» RECORDED DATA
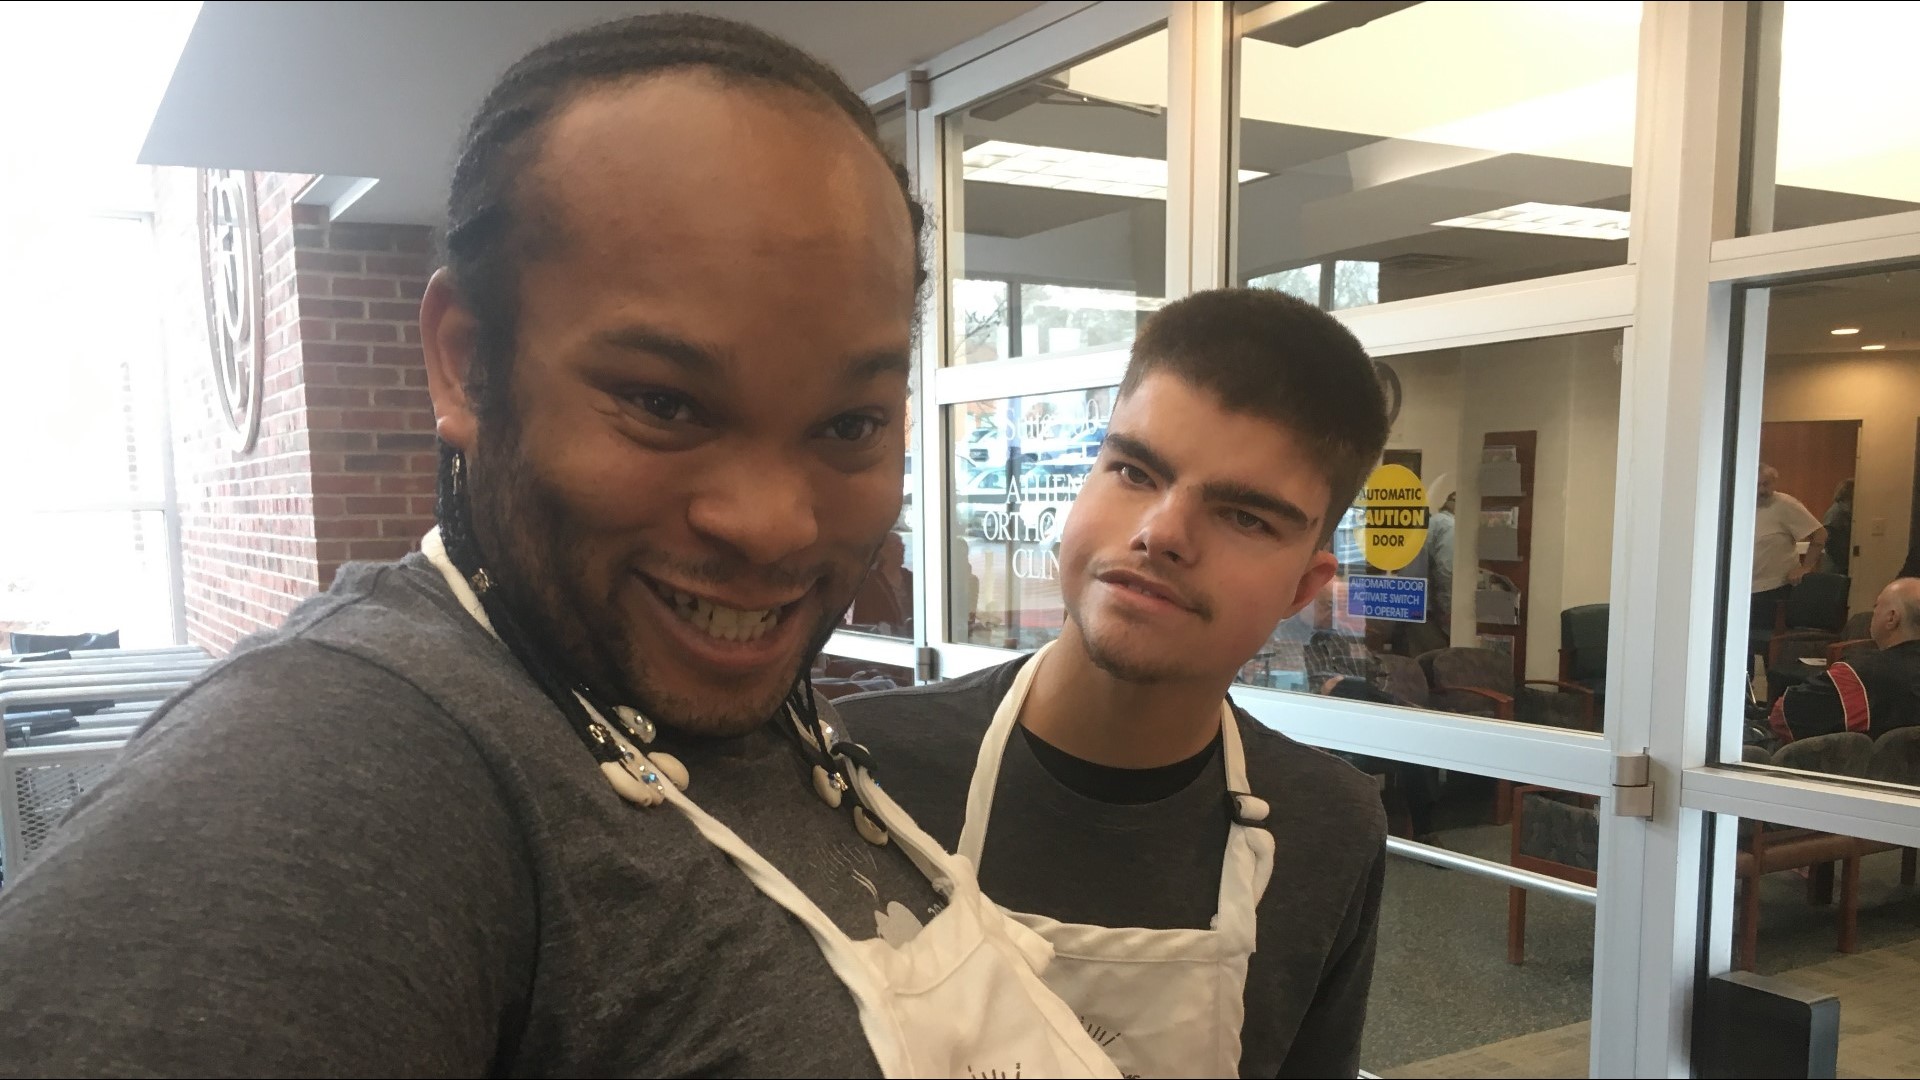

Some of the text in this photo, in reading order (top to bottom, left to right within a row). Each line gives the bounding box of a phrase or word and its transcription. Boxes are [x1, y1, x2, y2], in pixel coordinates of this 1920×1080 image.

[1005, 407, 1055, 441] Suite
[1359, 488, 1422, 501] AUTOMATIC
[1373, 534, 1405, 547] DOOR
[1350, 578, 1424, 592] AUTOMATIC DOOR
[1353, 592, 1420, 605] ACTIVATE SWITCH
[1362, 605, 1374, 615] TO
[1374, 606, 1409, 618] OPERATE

» WHAT YOU NEED TO DO
Exactly as they stand, the entries must be written out again, pictures excluded.

» PROBLEM SOLUTION
Some of the text in this photo, in reading order (top to bottom, left to right within a row). Each line gives the bounding box of a phrase or word and its transcription. Boxes are [x1, y1, x2, y2], in pixel coordinates of this 1920×1080 image.

[1005, 407, 1055, 441] Suite
[1359, 488, 1422, 501] AUTOMATIC
[1373, 534, 1405, 547] DOOR
[1350, 578, 1424, 592] AUTOMATIC DOOR
[1353, 592, 1420, 605] ACTIVATE SWITCH
[1362, 605, 1374, 615] TO
[1374, 606, 1409, 618] OPERATE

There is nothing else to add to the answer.